Rose McCartha Linda Sandy Lewis, popularly known as Calypso Rose was born in Bethel, a small village on the beautiful island of Tobago. Rose always had a love for music and knew that performing was what she wanted to do. She started writing Calypso songs aged 13. By the time she was 15 she was performing under the name Crusoe Kid. Her 1st minor hit was ‘Glass Thief’. It was written after she saw a man stealing glasses from a woman in the market. It was the first Calypso song denouncing inequality between the sexes. This was to be a common theme for many of Rose’s songs in years to come.


In 1963, Rose took her first trip to perform outside of her home islands. She visited Grenada and St. Thomas. Rose performed in and won the ‘Calypso King’ and Roadmarch competitions, with her first recorded song ‘Cooperation.’ Rose became the first woman in history to win the ‘Calypso King’ competition.

In 1966, Rose wrote the iconic anthem, ‘Fire in Me Wire’. This went on to be the first ever Calypso song sung for 2 years at the Trinidad and Tobago Carnival. The song was also translated into 8 different languages.

Calypso Rose continued to perfect her craft and by the 70s she had already toured with Bob Marley and the Wailers three times. Bob Marley was also one of her mentors. 

In 1970, Rose wrote her first Soca song, ‘Action is tight.’ From 1972-1978, Calypso Rose reigned as the ‘Calypso Queen’ for five years in a row. Rose’s success continued. In 1977 she became the first woman to win the prestigious ‘Roadmarch’ competition in Trinidad & Tobago, with her song ‘Gimme More Tempo.’ Due to Rose wining the ‘Calypso King’ competition so many times, it was renamed ‘Calypso Monarch’, when she won again in 1978. Calypso Rose’s career continued to flourish and she won numerous awards and titles along the way. 

Rose made a comeback in 2015, when she was discovered by Manu Chao. He helped her to produce her new album on which he features on 3 songs. A year later, Rose released her album, ‘Far From Home’ which was extremely well received. This album did especially well in Europe. As a result, on 10th February 2017, Rose won ‘Best Album in the World’, at the Victories de la Musique (French Grammy’s). The breakaway hit from this album ‘Leave Me Alone,’ was extremely popular at the Trinidad and Tobago Carnival and subseuently made its way around the Soca scene all over the world. The songs message again was about women being able to enjoy themselves at a party without being harassed by men. Rose has always believed it is a women’s right to be able to let loose and party, free from the leering gazes and pawing hands of men. However, this song is more than just a Soca anthem. It is all about female empowerment. The song spawned a grassroots activist #LeaveSheAlone campaign, speaking out against violence toward women in the Caribbean and beyond.
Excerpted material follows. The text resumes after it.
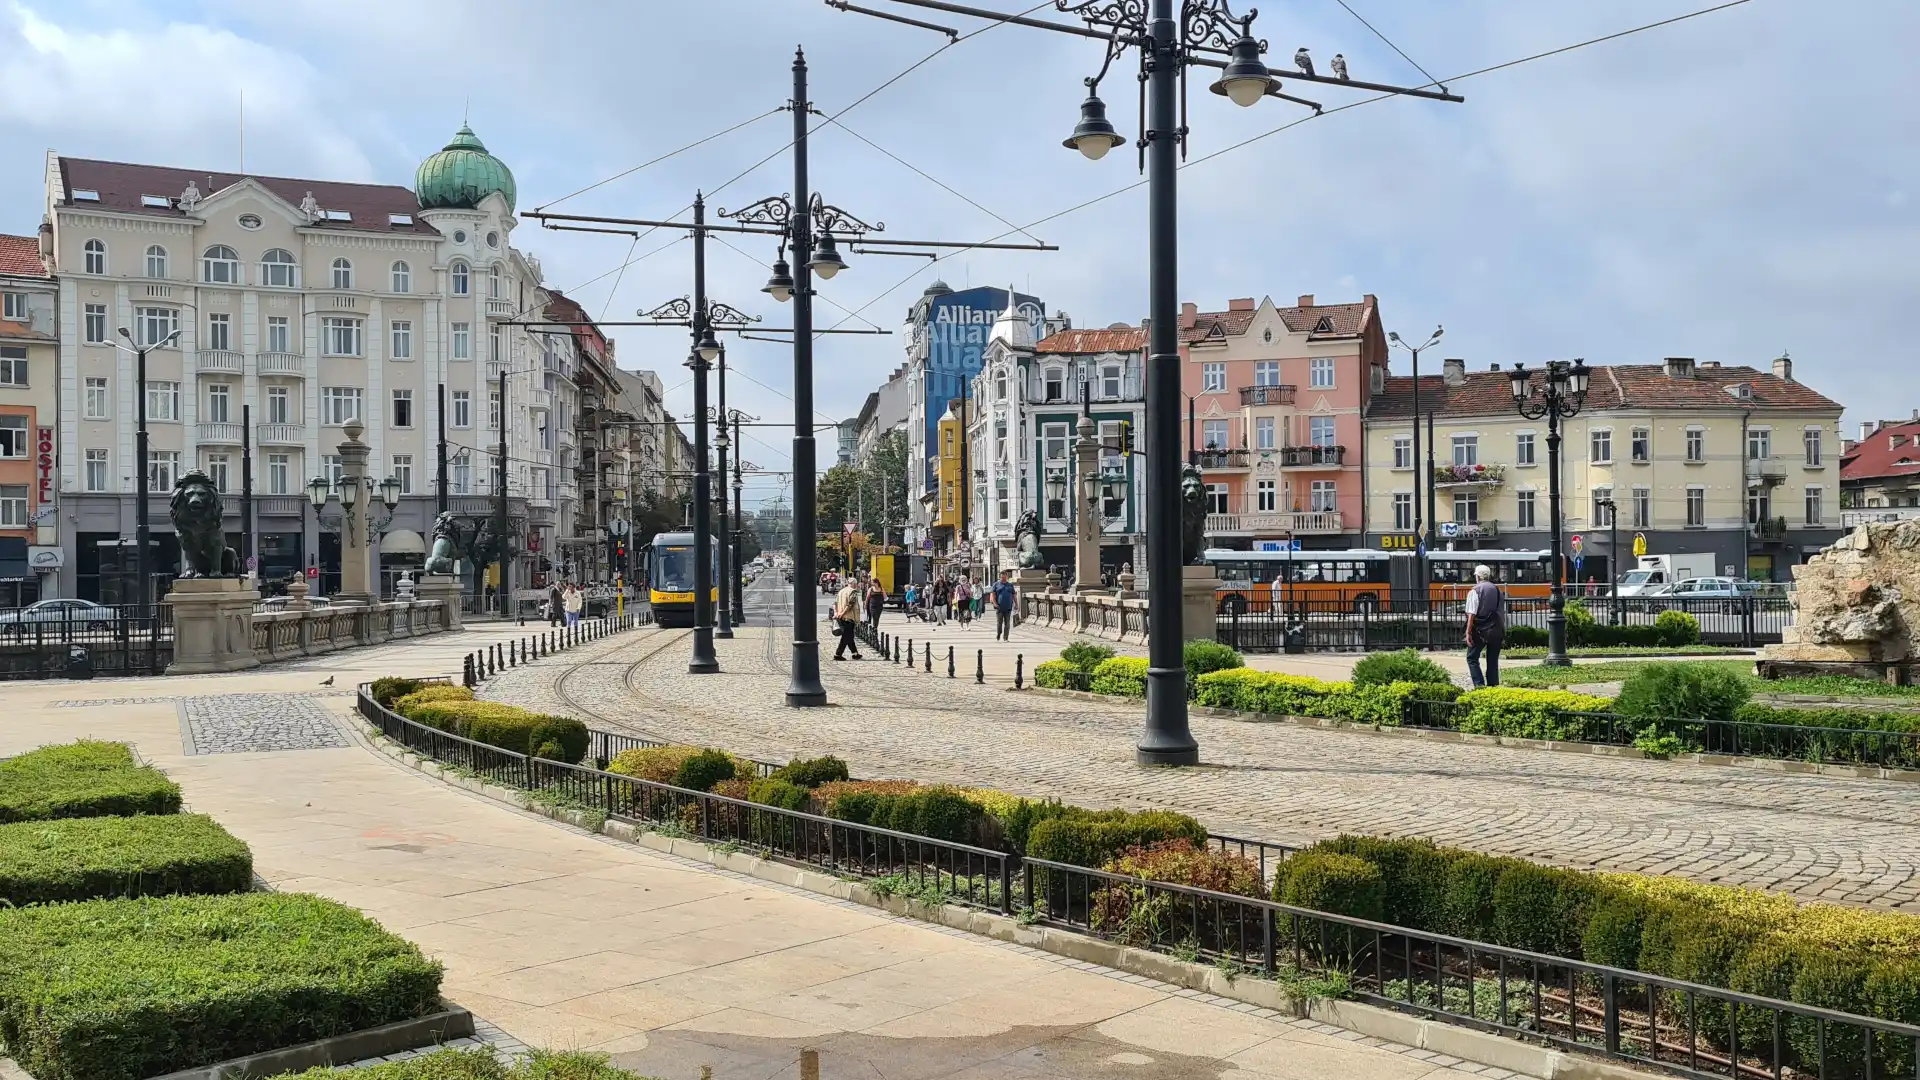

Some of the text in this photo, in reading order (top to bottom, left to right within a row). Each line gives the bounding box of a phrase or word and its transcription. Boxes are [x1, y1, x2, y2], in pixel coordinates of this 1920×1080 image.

[935, 305, 1005, 324] Allian
[38, 428, 52, 503] HOSTEL
[1381, 536, 1416, 548] BILL
As Rose aged, she connected more and more with her African heritage. In 1986, she received the title of Ambassador at Large of Liberia for her efforts to support the improvement of life in the West African nation.  She also won the most outstanding woman award by the National Action Committee for Women in Trinidad and Tobago. Rose won a series of lifetime achievement awards in the 90s, including the International award for Caribbean Music in 1999. As of 2011, Rose was the most decorated Calypsonian in Trinidad’s history. She received the Trinidad and Tobago Gold Humming Bird Medal, for her loyal and devoted service to the nation.
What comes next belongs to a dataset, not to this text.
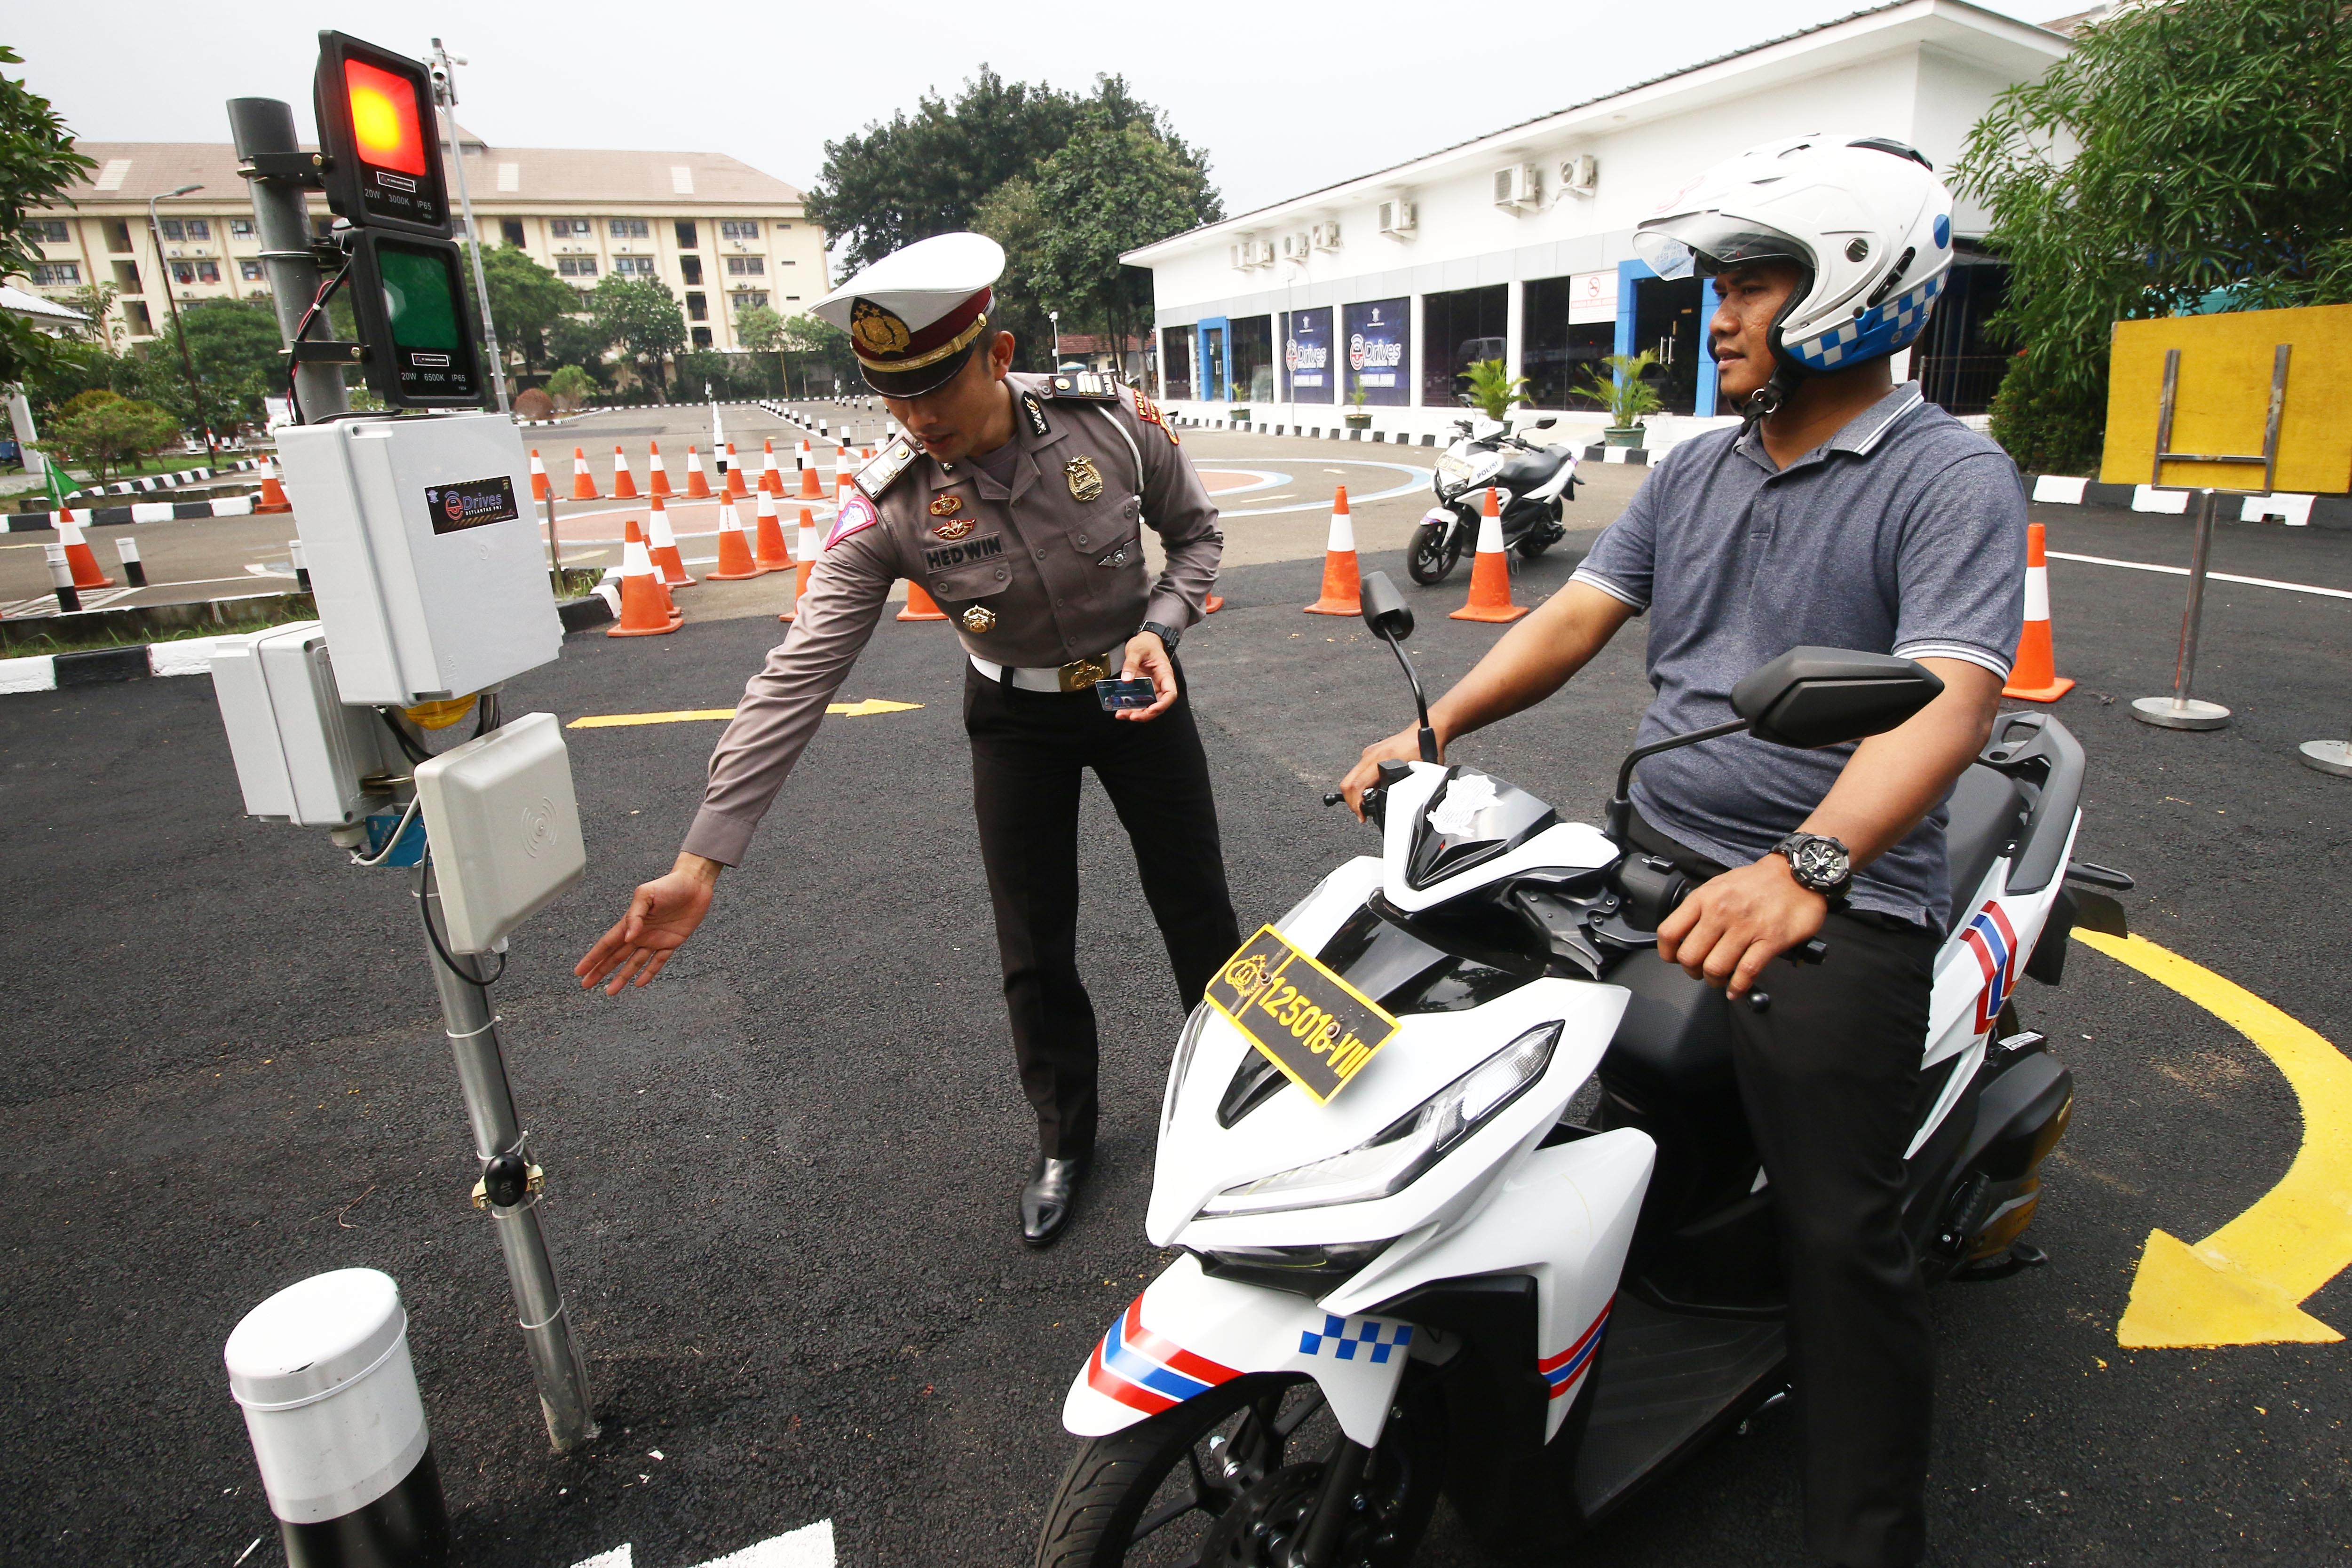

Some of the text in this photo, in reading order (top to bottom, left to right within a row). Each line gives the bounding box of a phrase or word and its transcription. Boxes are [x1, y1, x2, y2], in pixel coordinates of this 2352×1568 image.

[364, 189, 431, 210] 20W 3000K IP65
[1477, 461, 1498, 479] POLISI
[465, 507, 492, 516] DITLANTAS
[926, 535, 1002, 569] HEDWIN
Calypso Rose has shared the stage with many other musical legends, including, Miriam Makeba, Michel Jackson and Roberta Flack. She has headlined at major events and festivals around the world, including America, Europe and Australia. Rose was also the focus of several documentaries, including ‘Lioness of the Jungle’, which was a full-length feature. 
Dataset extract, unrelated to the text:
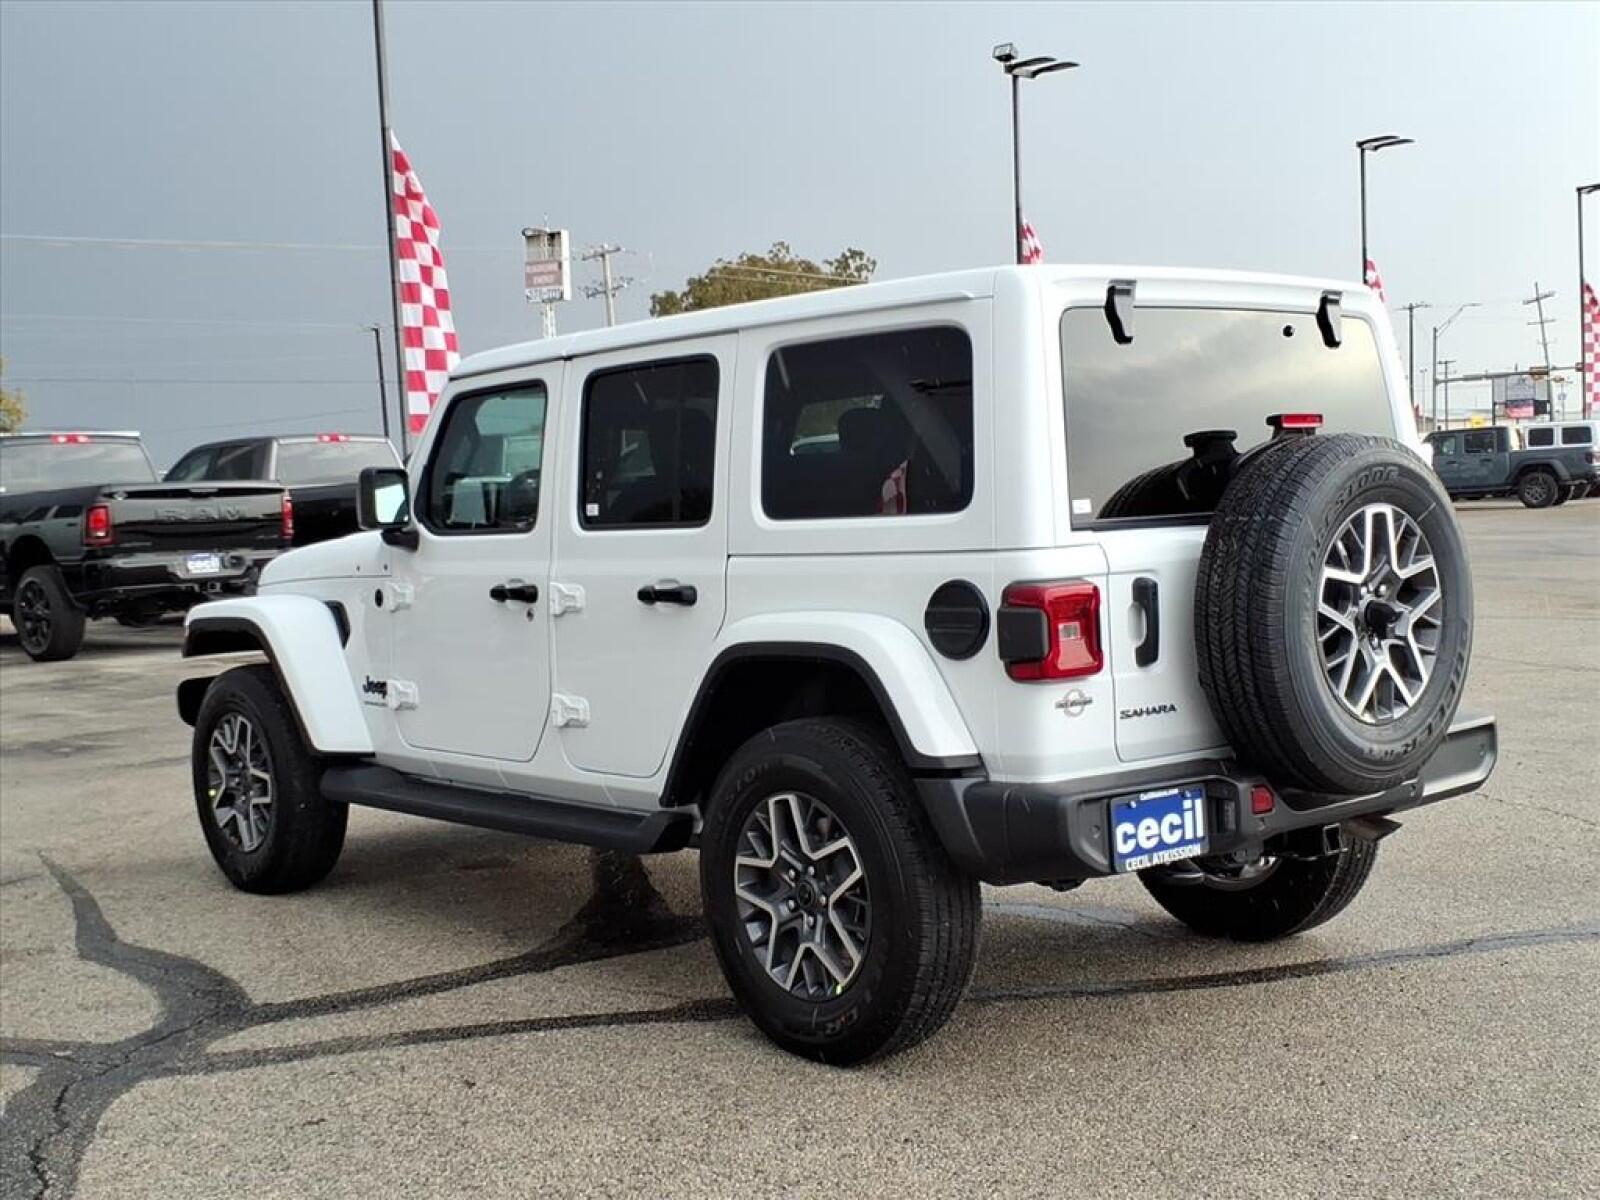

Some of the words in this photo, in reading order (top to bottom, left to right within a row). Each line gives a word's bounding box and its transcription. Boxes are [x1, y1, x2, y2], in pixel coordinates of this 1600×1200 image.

Even now in her 70s, Rose maintains her energy on stage. Off stage she may seem frail, she has survived cancer and a series of heart attacks. However as soon as she hits the stage it is a different story. It was not an easy journey for Rose. She came from a very traditional family who were opposed to her singing in Carnival tents. She also had to contend with being a female in what was a very much male dominated industry. However, through hard work and perseverance, her obvious talent could not be denied. Rose was able to gain the respect of many of her fellow Calypsonians and is now known as the Calypso Queen. She made it her mission to fight for everyone, regardless of sex. Her lyrical subtlety and humour within her songs, mixed with a Calypso beat makes them perfect for dancing but also storytelling.

Calypso Rose has had a career spanning more than 60 years and still manages to remain relevant now. A truly determined and iconic cultural figure. One of the greatest Calypso singers ever and the premier ambassador of Caribbean music, with an unstoppable stage persona. Calypso Rose, Caribbean1st absolutely salutes you.